Before Archbishop Brus took possession of his see, Emperor Ferdinand I, who was also King of Bohemia, sent him as Bohemian legate to the Council of Trent (1562). Besides other ecclesiastical reforms, he urged the archbishop to advocate the expediency of permitting the Utraquists, or Calixtines, of Bohemia and adjoining countries to receive the Eucharist under both species; he hoped that after this concession many of the Utraquists would return to the Catholic Church. The archbishop was assisted in his endeavours by the imperial delegate from Hungary, George Draskovich, Bishop of Funfkirchen (Pécs), and by Baumgärtner, the delegate of Duke Albrecht V of Bavaria. Brus could not be present at the twenty-first and the twenty-second sessions of the Council, during which this petition of the emperor was discussed. The majority of the fathers of Trent considered it beyond their power to grant the privilege of lay communion under both kinds and referred the matter to Pope Pius IV, who, in a Brief dated 16 April 1564, granted the petition, with certain restrictions, to the subjects of the emperor and of Duke Albrecht of Bavaria. The Archbishop of Prague was to empower certain priests to administer the Eucharist in both kinds to such of the laity as desired it. The faithful who wished to take advantage of this privilege were obliged to profess their belief in the Real Presence of the whole Christ in each species, while the priest at the administration of each species pronounced the formula: "Corpus et sanguis Domini nostri Jesu Christi custodiant animam tuam in vitam aeternam. Amen." instead of the customary formula: "Corpus Domini nostri," etc.

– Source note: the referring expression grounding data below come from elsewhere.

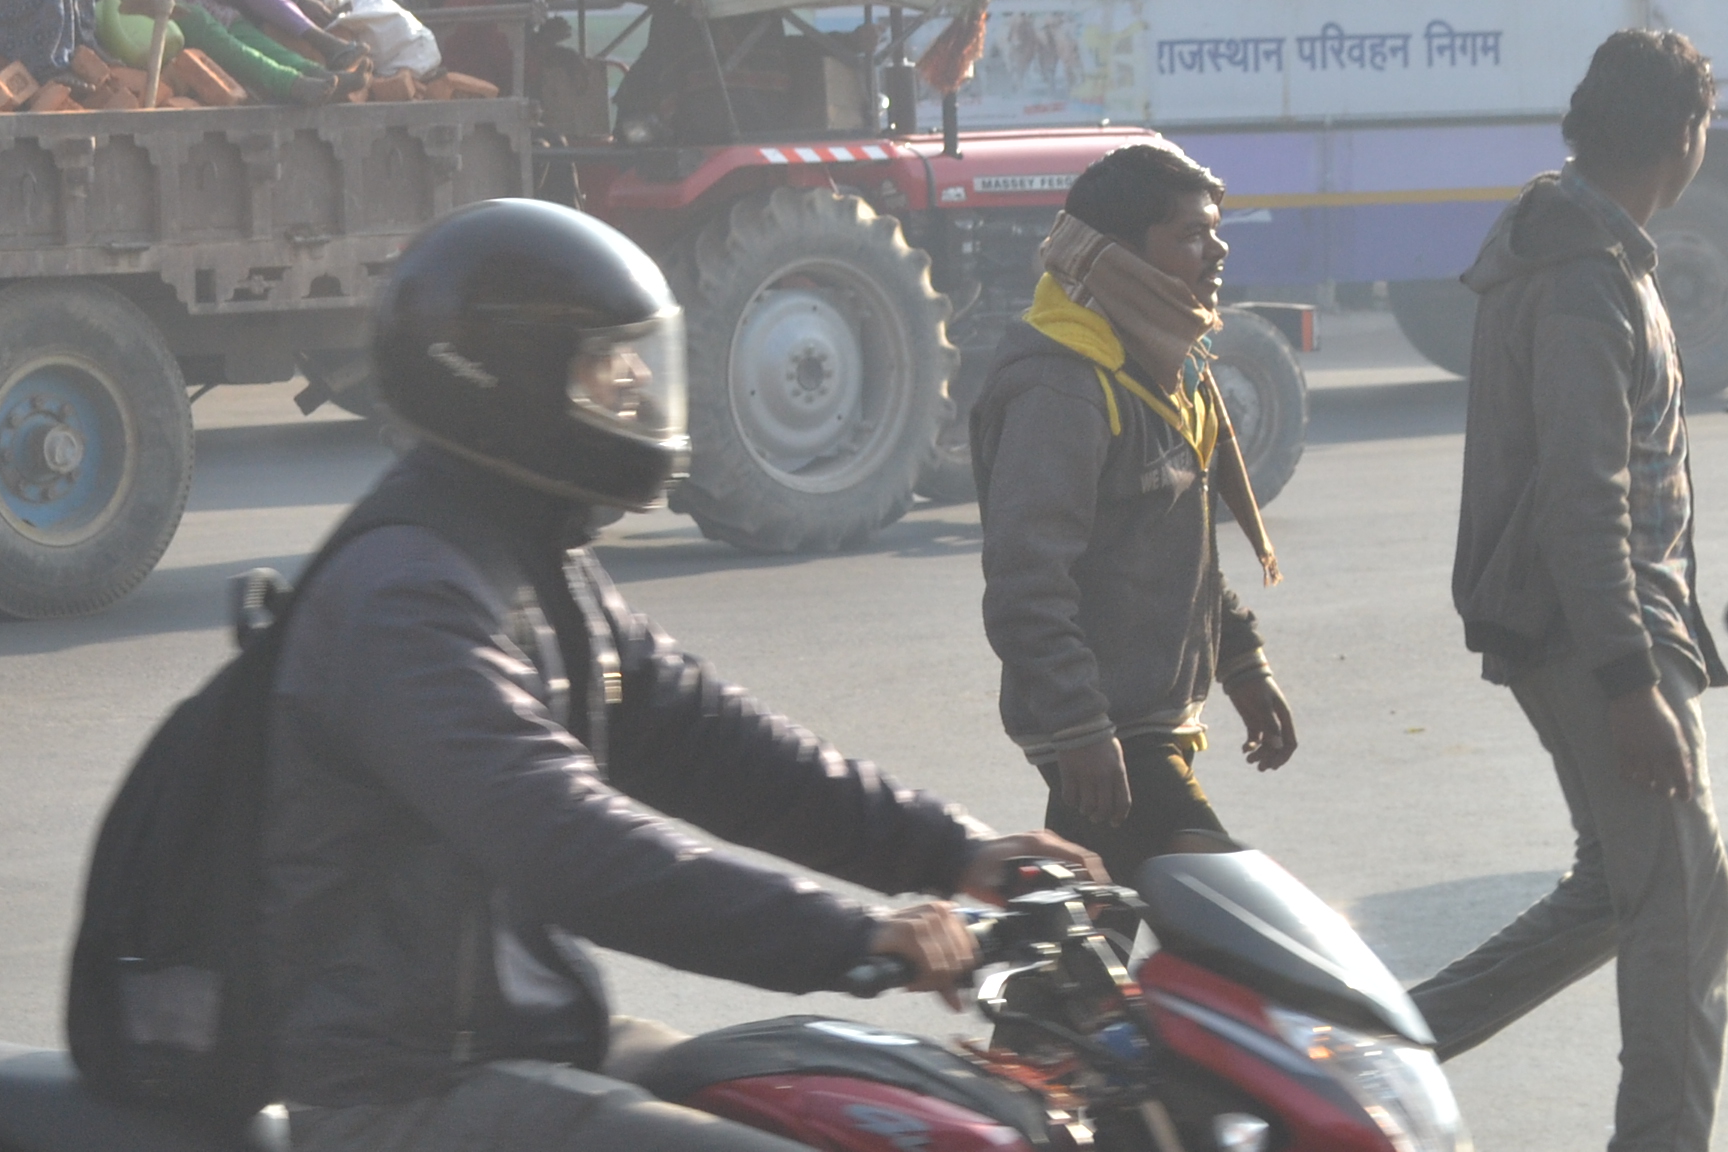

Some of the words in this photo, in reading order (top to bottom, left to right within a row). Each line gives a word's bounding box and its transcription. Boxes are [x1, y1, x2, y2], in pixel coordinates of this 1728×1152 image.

[1156, 36, 1287, 75] राजस्थान
[1295, 21, 1413, 72] परिवहन
[1422, 19, 1504, 68] निगम
[980, 177, 1035, 191] MASSEY
[1039, 175, 1074, 189] FERG
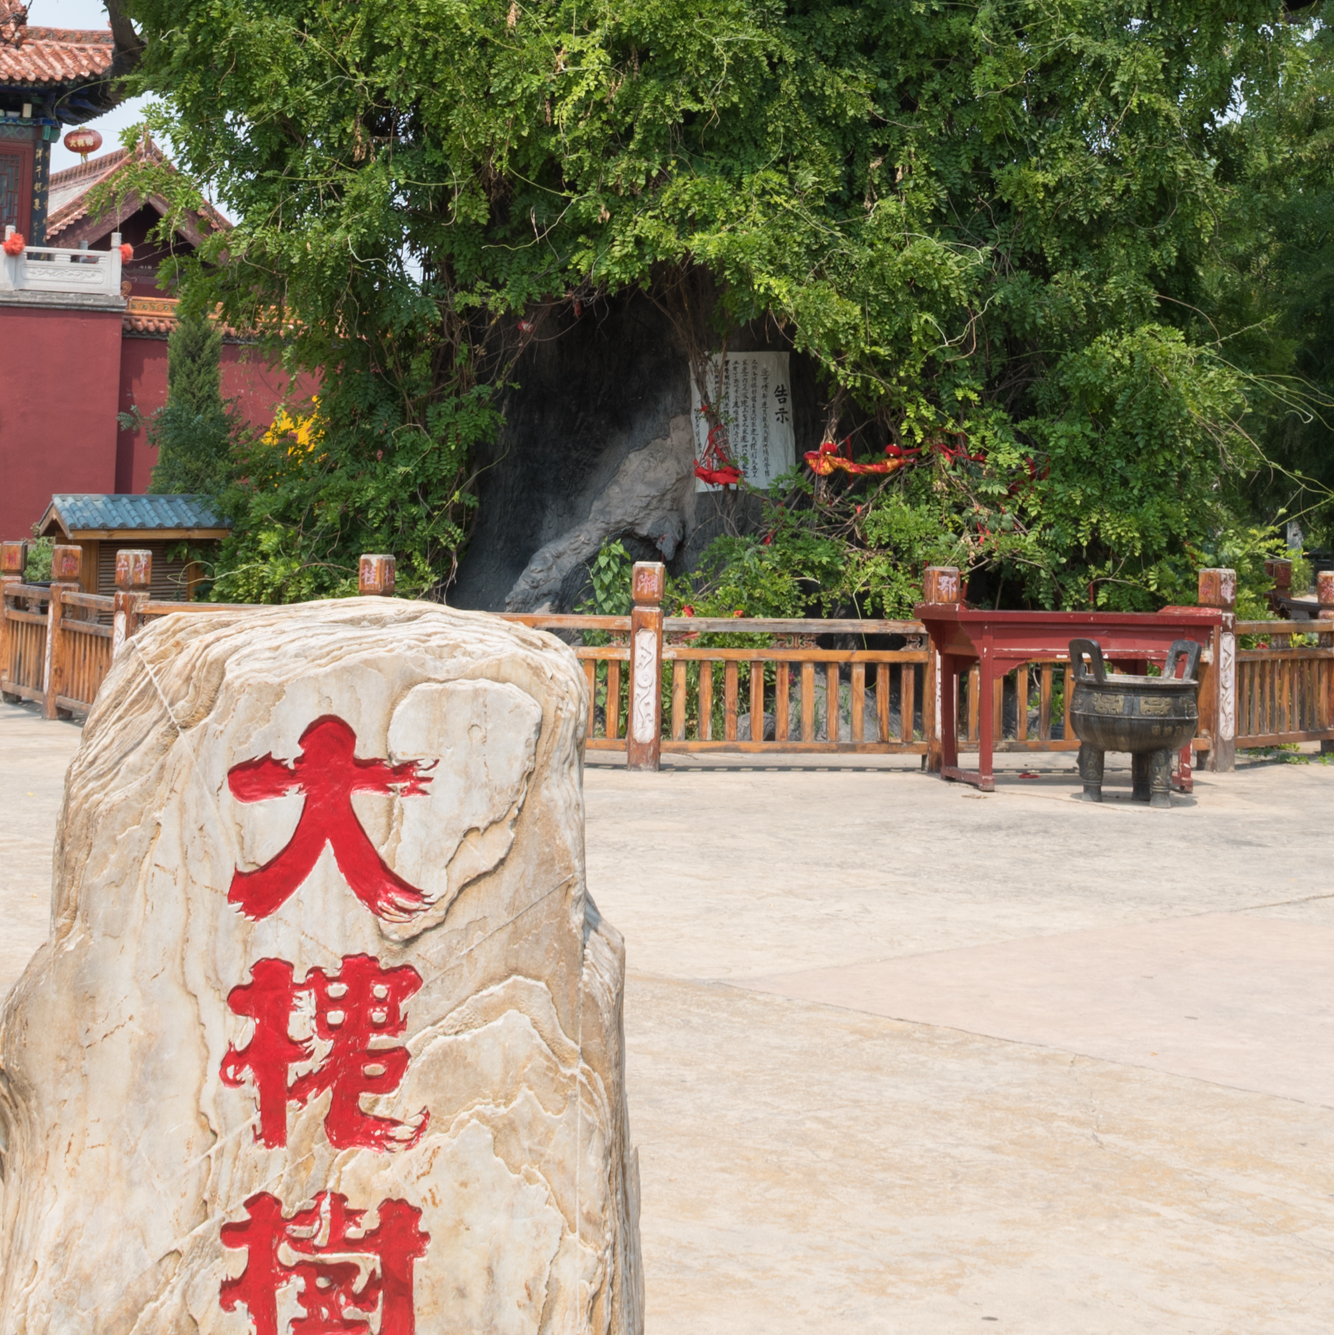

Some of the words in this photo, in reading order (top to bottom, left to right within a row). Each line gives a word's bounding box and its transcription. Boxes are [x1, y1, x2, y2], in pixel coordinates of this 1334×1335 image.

[773, 383, 789, 424] 告示
[362, 564, 378, 586] 桂
[637, 571, 658, 594] 湘
[937, 575, 957, 600] 鄂
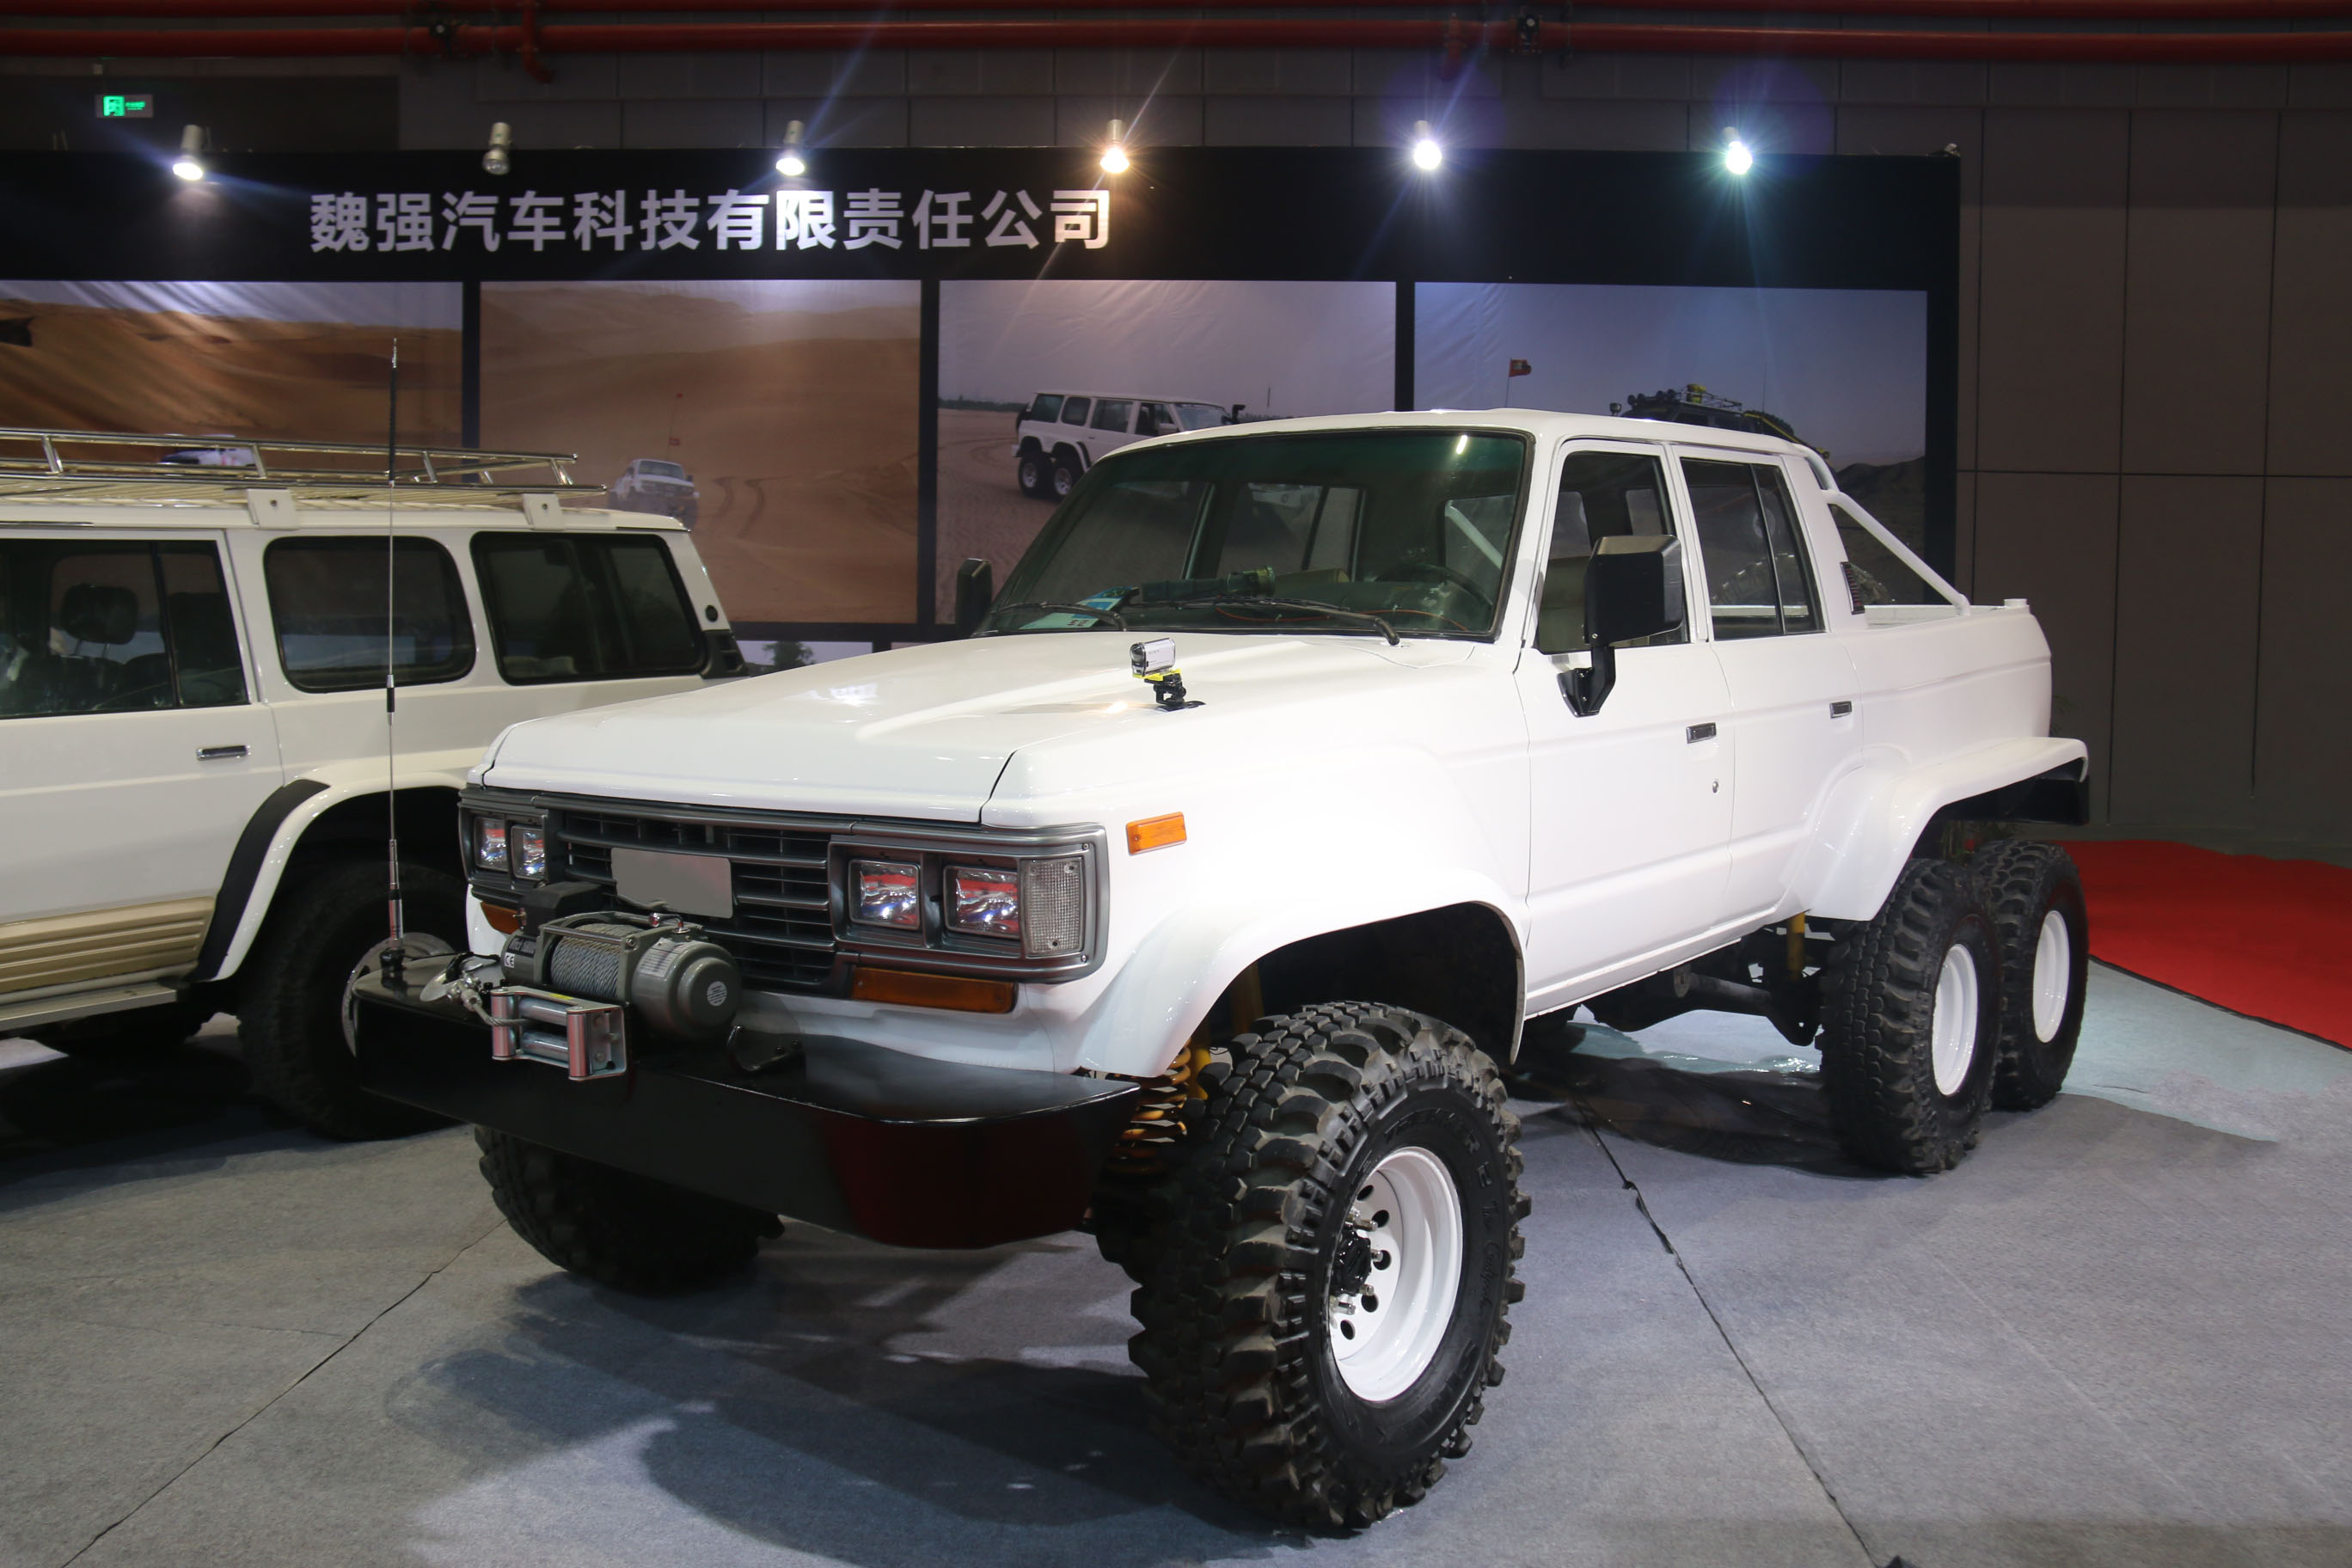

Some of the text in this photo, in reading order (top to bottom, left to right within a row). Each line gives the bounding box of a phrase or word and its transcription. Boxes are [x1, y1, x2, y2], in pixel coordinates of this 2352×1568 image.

[309, 188, 1111, 252] 魏强汽车科技有限责任公司

The emperor and the archbishop expected results from this papal concession. Thinking that the Utraquist consistory at Prague would at once accept all Catholic doctrine, the emperor put it under the jurisdiction of the archbishop. Both, however, were soon undeceived. The Utraquist consistory was ready to present its sacerdotal candidates to the archbishop for ordination, but there his authority was to end. They refused to permit their candidates for the priesthood to undergo examination on Catholic theology or to give proof of their orthodoxy, and complained to the emperor that the archbishop was infringing upon their rights.

Under the rule of Ferdinand's son Maximilian II, who became emperor in 1564, the gulf that separated the Catholics from the Utraquists was continually widening. In order to publish and put into execution the decrees of the Council of Trent, the archbishop intended to convene a provincial synod at Prague; but Maximilian, fearing to offend the Bohemian nobility of whom the majority were Protestants, withheld his consent. Hampered on all sides, the archbishop and the small body of Catholic nobles, despite their efforts, could only postpone the impending crisis. The Utraquists no longer heeded the archbishop's commands, continued to administer the Holy Eucharist to infants, disregarded many decrees of the Council of Trent, neglected sacramental confession—in a word, were steering straight towards Protestantism. After 1572, the archbishop refused to ordain Utraquist candidates, despite the expostulations of Emperor Maximilian. The death of Maximilian (12 October 1576) brought no relief to the archbishop and his ever-decreasing flock of Catholics.

Brus died on 28 August 1580 in Prague. After the death of Brus, the Catholics of Bohemia continued on their downward course until the victory of Ferdinand II over the Winter King Frederick V at the Battle of the White Mountain near Prague (8 November 1620).